In two years, the “anti-system influencers” have gone from denouncing the “health dictatorship” to that of the “climate dictatorship”, one of the terms that has exploded the most on , notes a publication from the Jean Jaurès Foundation. They also see the vaccination pass as a prelude to a supposed “carbon pass”, which would limit the freedom of movement of individuals, or raise the specter of “climate confinements”, replaying the refrain of opponents of health restrictions.
“The authors of these speeches were not interested in the substance of the subject, they only adapted the arguments,” points out Antonin Pottier, who evokes “slogans” more than analyses. For some, the theme even appears as an opportunistic turn. “Elpis”, a pseudonymized
If, for the most followed accounts, it is a question of surfing the debates of the moment to maintain their audience, observers of the phenomenon wonder about the deeper motivations of certain activists. Out of 10,000 “climate-denialist” accounts referenced by the CNRS, 60% also relay pro-Russian propaganda.
Nearly half have suspicious behavior similar to that of bots, automated accounts, or trolls, professionals who pollute public debate. “We cannot rule out interference from foreign powers,” judge David Chavalarias. We know that hybrid warfare is one of the favorite weapons of the Kremlin, which seeks to divide populations to destabilize democracies considered dangerous to its power. »
An anxiety fueled by conspiracy
In the United States, these speeches found a particular echo among Trumpist activists. In France, the fear of repressive projects has been linked to authentic episodes of suspension of freedoms, such as the measures taken during the state of health emergency, or of democratic denial, such as the violent repression of the "yellow vests". » or the forceful passage of pension reform.
But this movement is not short of contradictions. While covid-scepticism heavily criticized “Big Pharma,” the term for the pharmaceutical industry, those who have taken the climate-skeptic turn curiously have no word for “Big Oil.” “Whereas we have an incredibly powerful fossil fuel industry, represented by people who have lied for decades.
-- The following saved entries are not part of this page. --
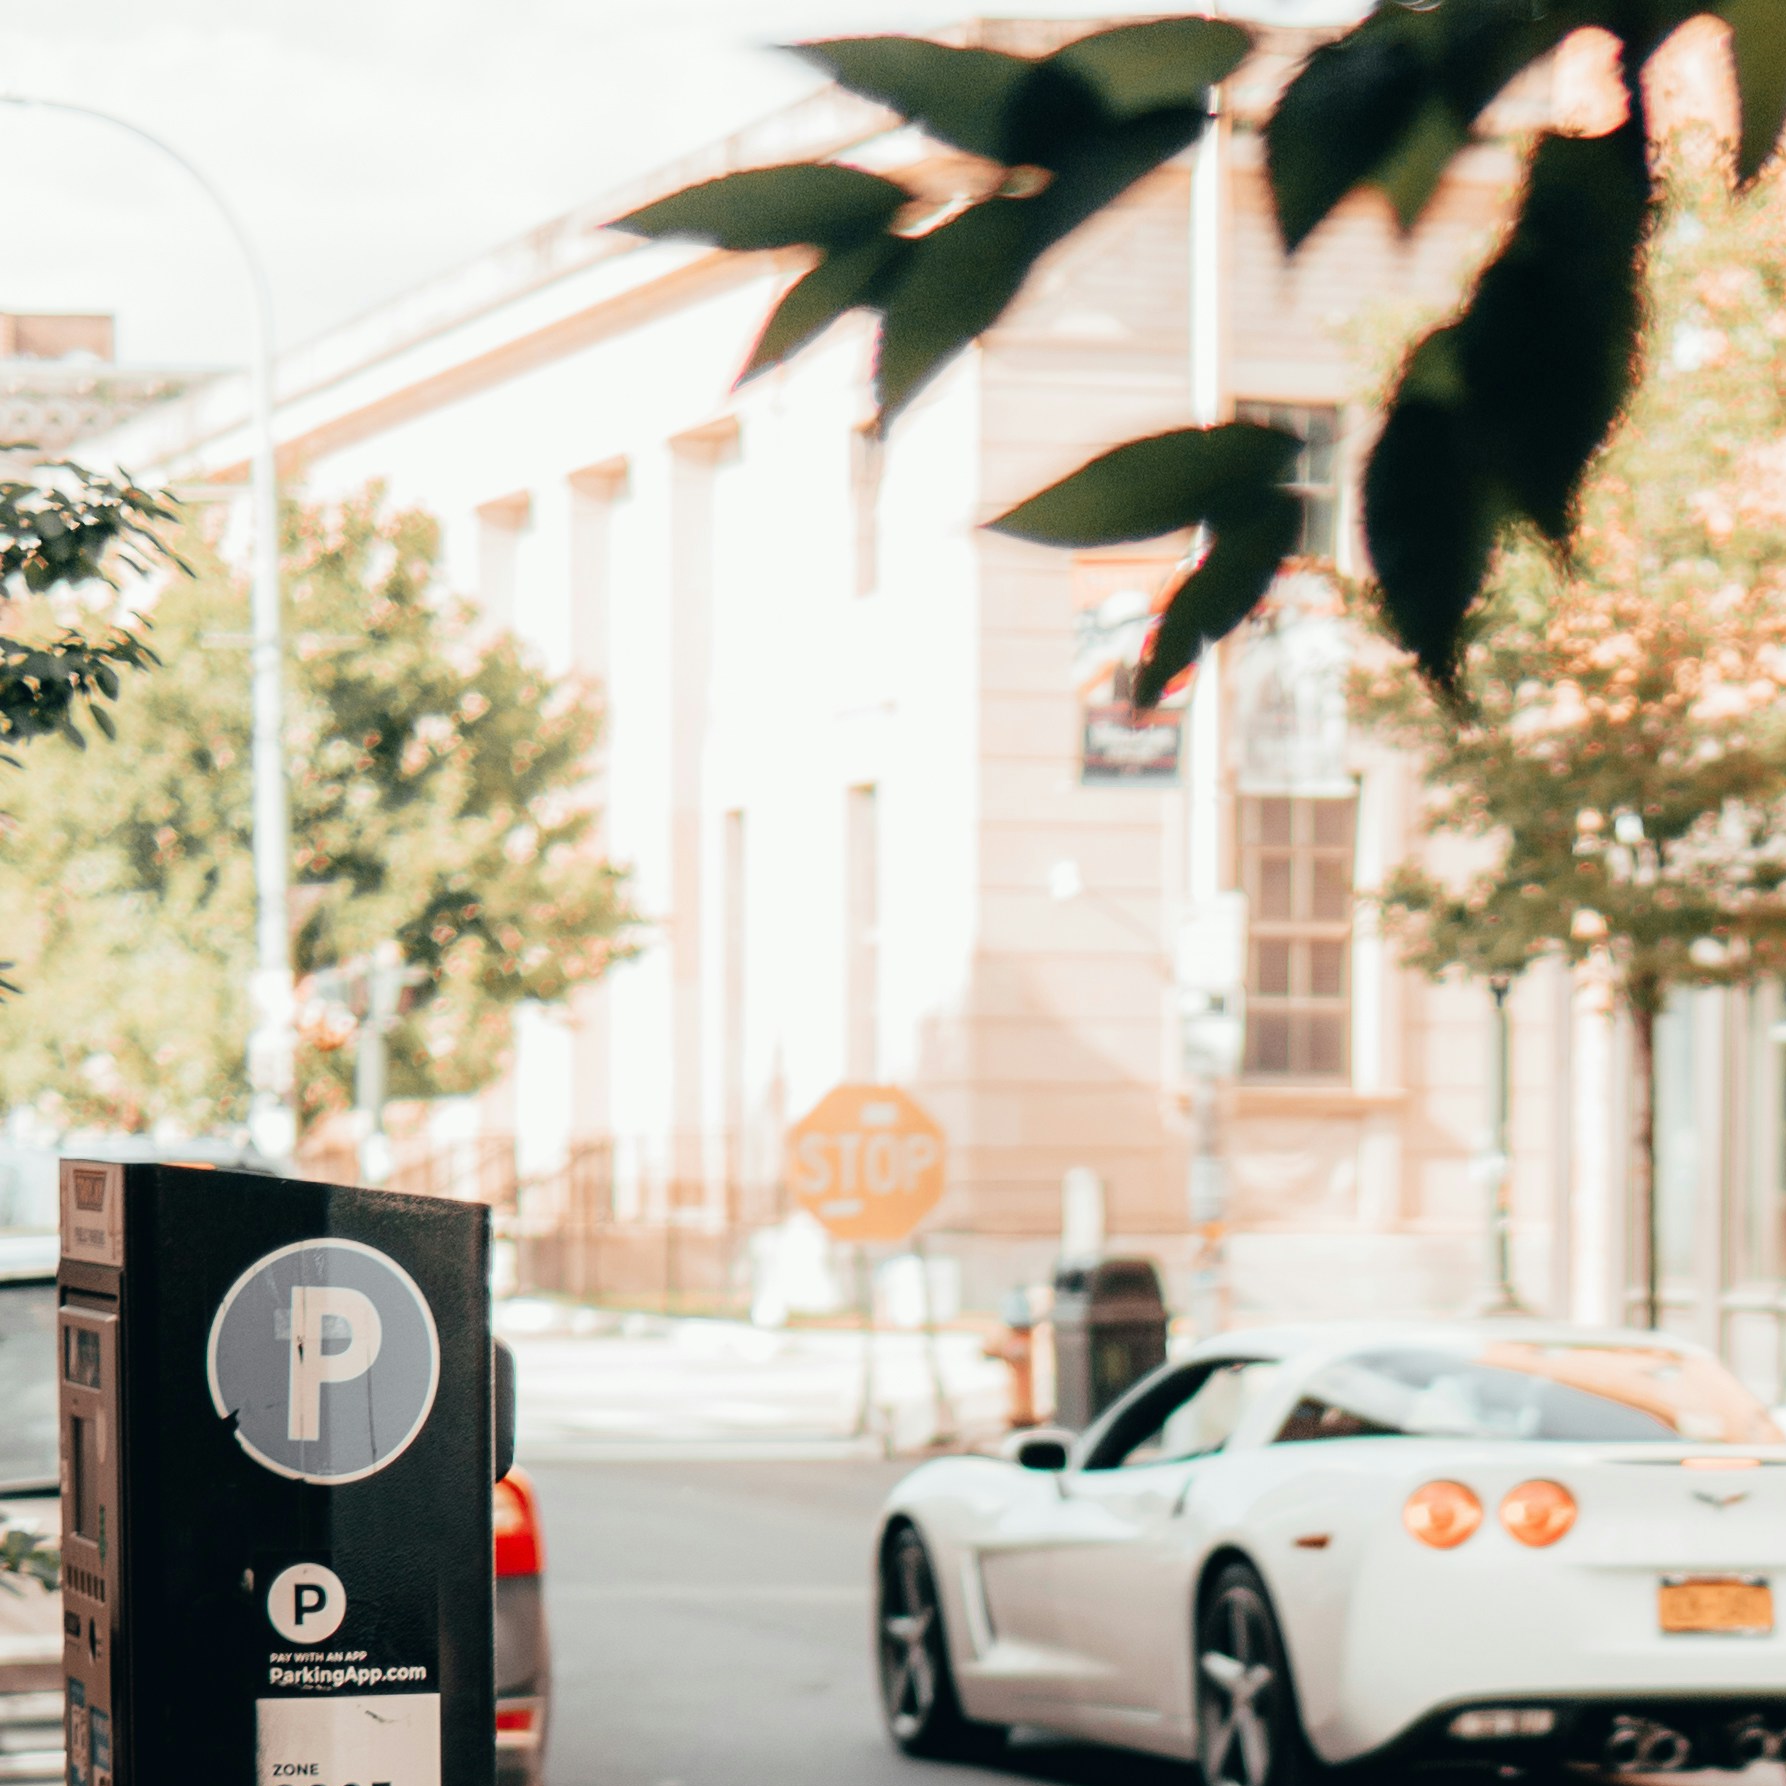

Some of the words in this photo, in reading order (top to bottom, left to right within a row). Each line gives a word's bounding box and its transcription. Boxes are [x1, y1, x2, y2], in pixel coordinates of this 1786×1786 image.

[796, 1132, 937, 1196] STOP
[287, 1286, 383, 1441] P
[294, 1583, 327, 1626] P
[269, 1651, 292, 1663] PAY
[293, 1651, 325, 1663] WITH
[325, 1651, 344, 1663] AN
[344, 1650, 368, 1662] APP
[269, 1665, 427, 1687] ParkingApp.com
[272, 1763, 320, 1776] ZONE
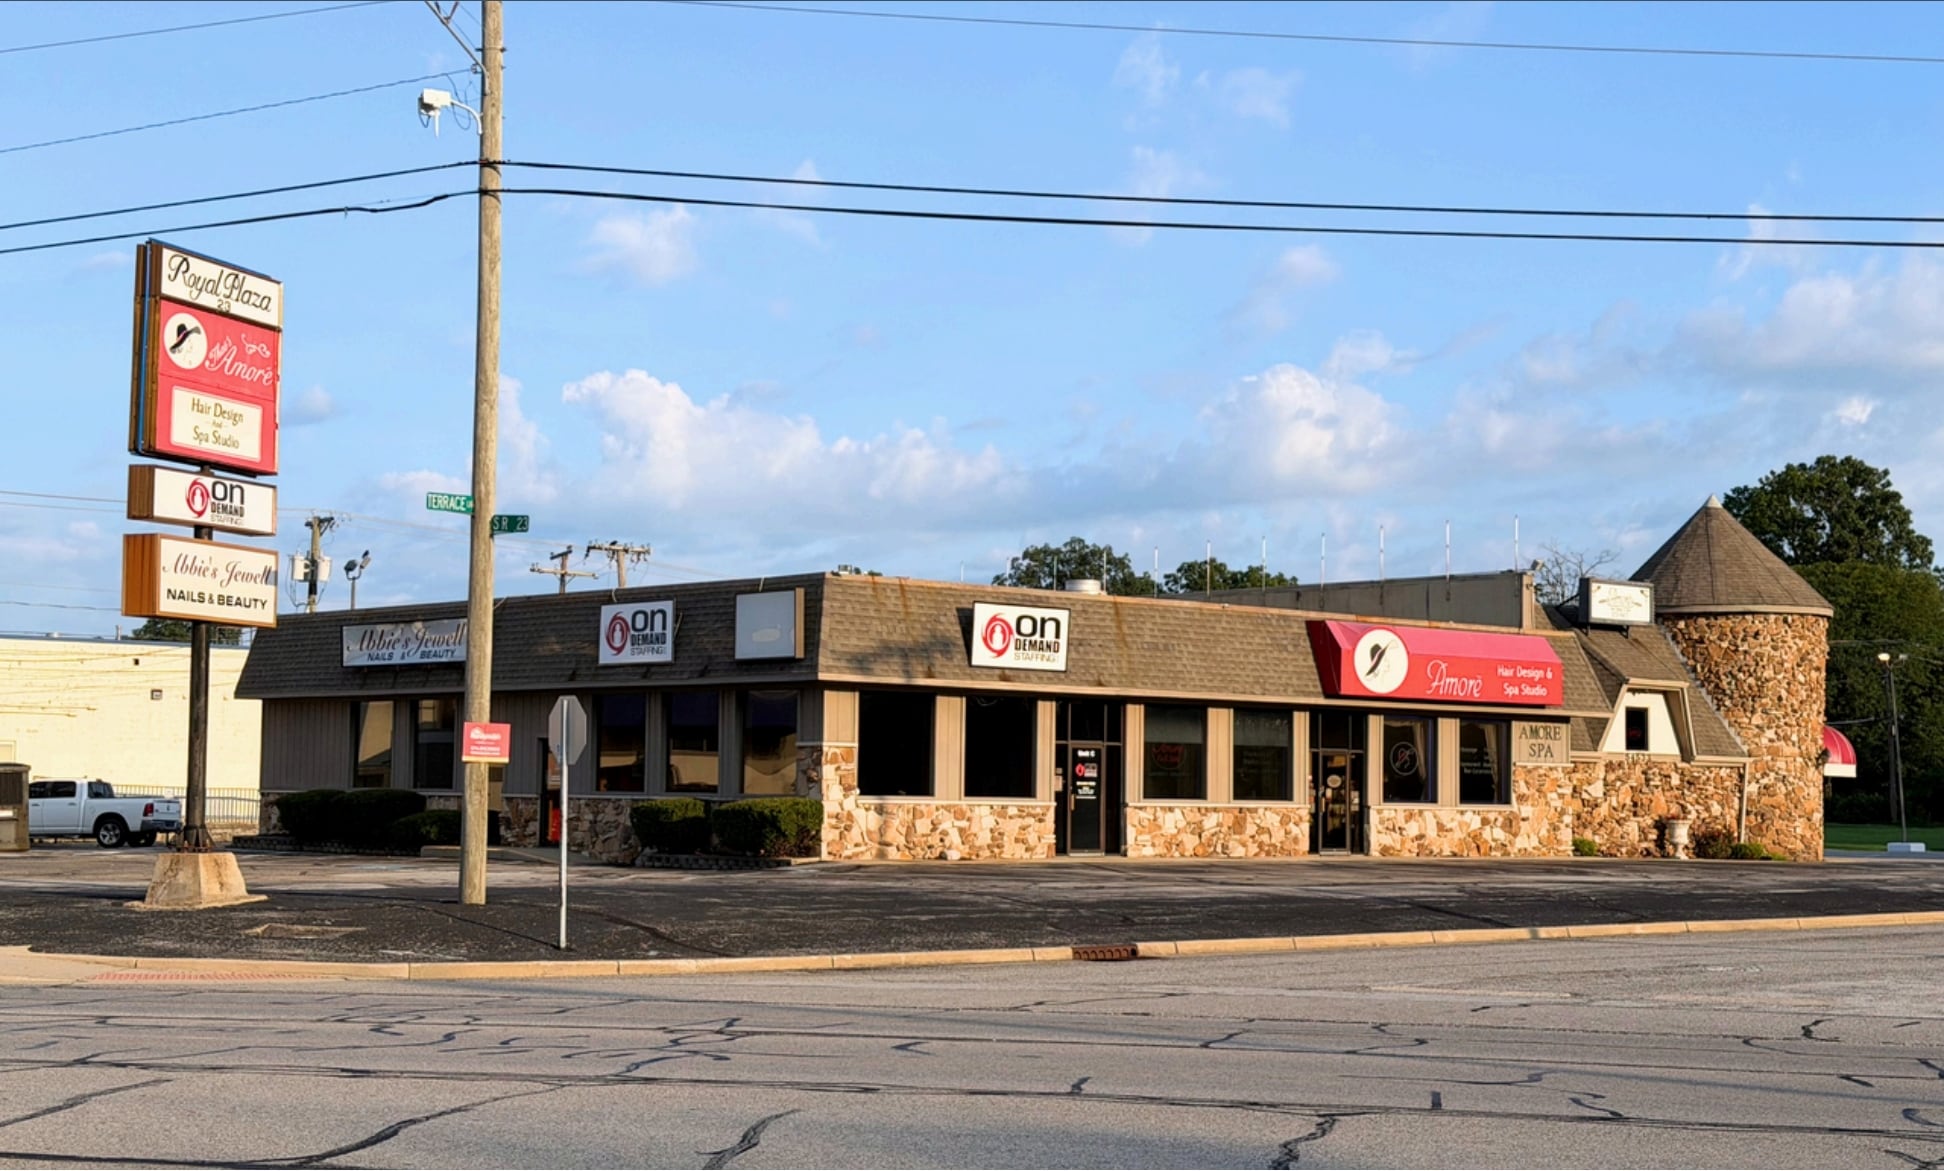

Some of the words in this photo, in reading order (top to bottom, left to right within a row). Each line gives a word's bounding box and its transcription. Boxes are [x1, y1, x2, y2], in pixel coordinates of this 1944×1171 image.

[168, 254, 223, 300] Royal
[223, 272, 272, 312] Plaza
[191, 397, 211, 414] Hair
[213, 402, 244, 426] Design
[193, 425, 209, 445] Spa
[212, 430, 240, 449] Studio
[211, 480, 245, 505] on
[211, 501, 244, 518] DEMAND
[428, 494, 467, 511] TERRACE
[516, 516, 529, 530] 23
[162, 552, 219, 579] Abbie's
[166, 588, 205, 603] NAILS
[207, 593, 214, 604] &
[217, 594, 268, 610] BEAUTY
[631, 608, 667, 632] on
[1015, 614, 1061, 640] on
[347, 627, 411, 652] Abbie's
[631, 632, 667, 646] DEMAND
[1014, 638, 1060, 654] DEMAND
[367, 652, 394, 662] NAILS
[419, 648, 456, 660] BEAUTY
[1497, 664, 1514, 677] Hair
[1517, 666, 1544, 682] Design
[1546, 667, 1552, 680] &
[1503, 682, 1519, 698] Spa
[1521, 683, 1547, 696] Studio
[1519, 724, 1562, 741] AMORE
[1529, 743, 1554, 758] SPA
It’s an intellectual debacle,” Sebastian Dieguez despairs.
Instead, they attribute secretly totalitarian intentions to the World Economic Forum, the annual meeting of the planet's main decision-makers. The man who had already been accused of planning a “great reset” with the Covid-19 pandemic would now, according to them, be planning a dystopian society in which milk, meat and cars would be banned, currency would have disappeared, and humans would eat cockroaches. Several disinformation experts suggest we no longer speak of “climatoscepticism”, but of “climatoconspiracy”.
This dark view of society is accompanied by a widespread denial of scientific consensus, the honesty and competence of climate experts, and even the nature of the most striking weather events. “Some of it is science fiction. We hear about lasers or other technologies to explain extreme phenomena! », indignant Sebastian Dieguez, who evokes a “phenomenon of almost sectarian mental secessionism”. Behind its slogans about freedom in danger, climate conspiracy would be the new bar of a mental prison.